Lusso, hotel familiari vs catene. Cardone: «C’è spazio per tutti»
È forte nel post Covid l’interesse delle catene alberghiere internazionali per le grandi città italiane. Gioielli d’arte in gran parte presidiati da imprenditori locali che hanno in mano alberghi di prestigio. In che modo le aziende familiari di questa fascia potranno sostenere la concorrenza di multinazionali che hanno mezzi finanziari, know how e che possono mettere in campo delle sinergie in grado di abbattere i costi industriali? Mario Cardone, manager dell’hôtellerie con qualche decennio di esperienza, pensa di avere la risposta. E per questo ha fondato Autentico Hospitaliy, di cui è ceo.
La vostra società fornisce consulenza agli hotel a gestione familiare per potersi difendere dalle grandi catene.
«Per essere più precisi, supportiamo strutture alberghiere prevalentemente di famiglia per competere a livello mondiale. Parliamo comunque di strutture d’alta gamma, dal cinque stelle in su».

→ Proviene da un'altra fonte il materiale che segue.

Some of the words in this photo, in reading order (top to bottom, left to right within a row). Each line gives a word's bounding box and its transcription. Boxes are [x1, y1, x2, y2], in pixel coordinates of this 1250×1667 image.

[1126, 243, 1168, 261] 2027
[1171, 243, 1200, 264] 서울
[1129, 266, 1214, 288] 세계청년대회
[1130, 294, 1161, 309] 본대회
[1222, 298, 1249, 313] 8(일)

Non è comunque semplice, dato che le big company hanno un’organizzazione molto strutturata e possono permettersi interventi molto costosi, anche in termini di marketing, e specialisti con esperienza internazionale. Un’impresa familiare che dovesse cambiare la sua organizzazione, oltre a dovere affrontare dei costi molto maggiori, rischierebbe di perdere la sua identità.
«Non stravolgiamo l’organizzazione dell’azienda, se non adeguando qualche elemento strutturale e dei servizi. Piuttosto ci consideriamo una sorta di estensione della struttura per consentirle di confrontarsi con un mercato internazionale. Perché, comunque, la competizione è ormai globale. A tutti i livelli».
L’alta gamma è proprio il segmento assediato dai brand mondiali. Solo nel 2022 ci sono state 46 transazioni e la metà erano società straniere che acquistavano alberghi italiani, quasi tutti di lusso. Perfino a Roma si sono registrate delle acquisizioni di strutture che i proprietari avevano mantenuto per generazioni. Per lei è una buona notizia? O si rischia di perdere l’identità del Paese?
«C’è spazio per gli uni e per gli altri. In effetti, le esigenze di chi viaggia sono diverse e per alcuni è irrinunciabile la grande catena, mentre altri preferiscono comunque l’hotel a carattere familiare. Abbiamo il modello di Milano, dove questo è già successo diversi anni fa. Roma lo sta vivendo adesso ma era scontato che si verificasse questa evoluzione».
Però gli investimenti sono concentrati sulla fascia alta. Mentre il turismo economico sembra alimentare il fenomeno dei B&B e delle strutture a una o due stelle. Non c’è più spazio per il turismo di medio livello?
«Questa tendenza verso l’alto è netta. Nei prossimi tre anni sono previste 60 nuove aperture a cinque stelle. E non si era verificato mai prima d’ora, tant’è che in tutt’Italia contiamo solo 650 strutture a cinque stelle. Ma anche qui c’è spazio per tutti. Bisogna solo imparare a fare sistema sul piano della commercializzazione, del marketing e della promozione».
D’altra parte, voi stessi non vi occupate delle strutture di medio livello.
«È lì che ancora l’Italia deve recuperare terreno. Ma in realtà abbiamo creato un programma ad hoc proprio per le strutture a 4 stelle. Il progetto è partito da pochi mesi e l’abbiamo chiamato Prestigio Collection. È in questa fascia che il Paese perde competitività con i suoi diretti concorrenti del Mediterraneo».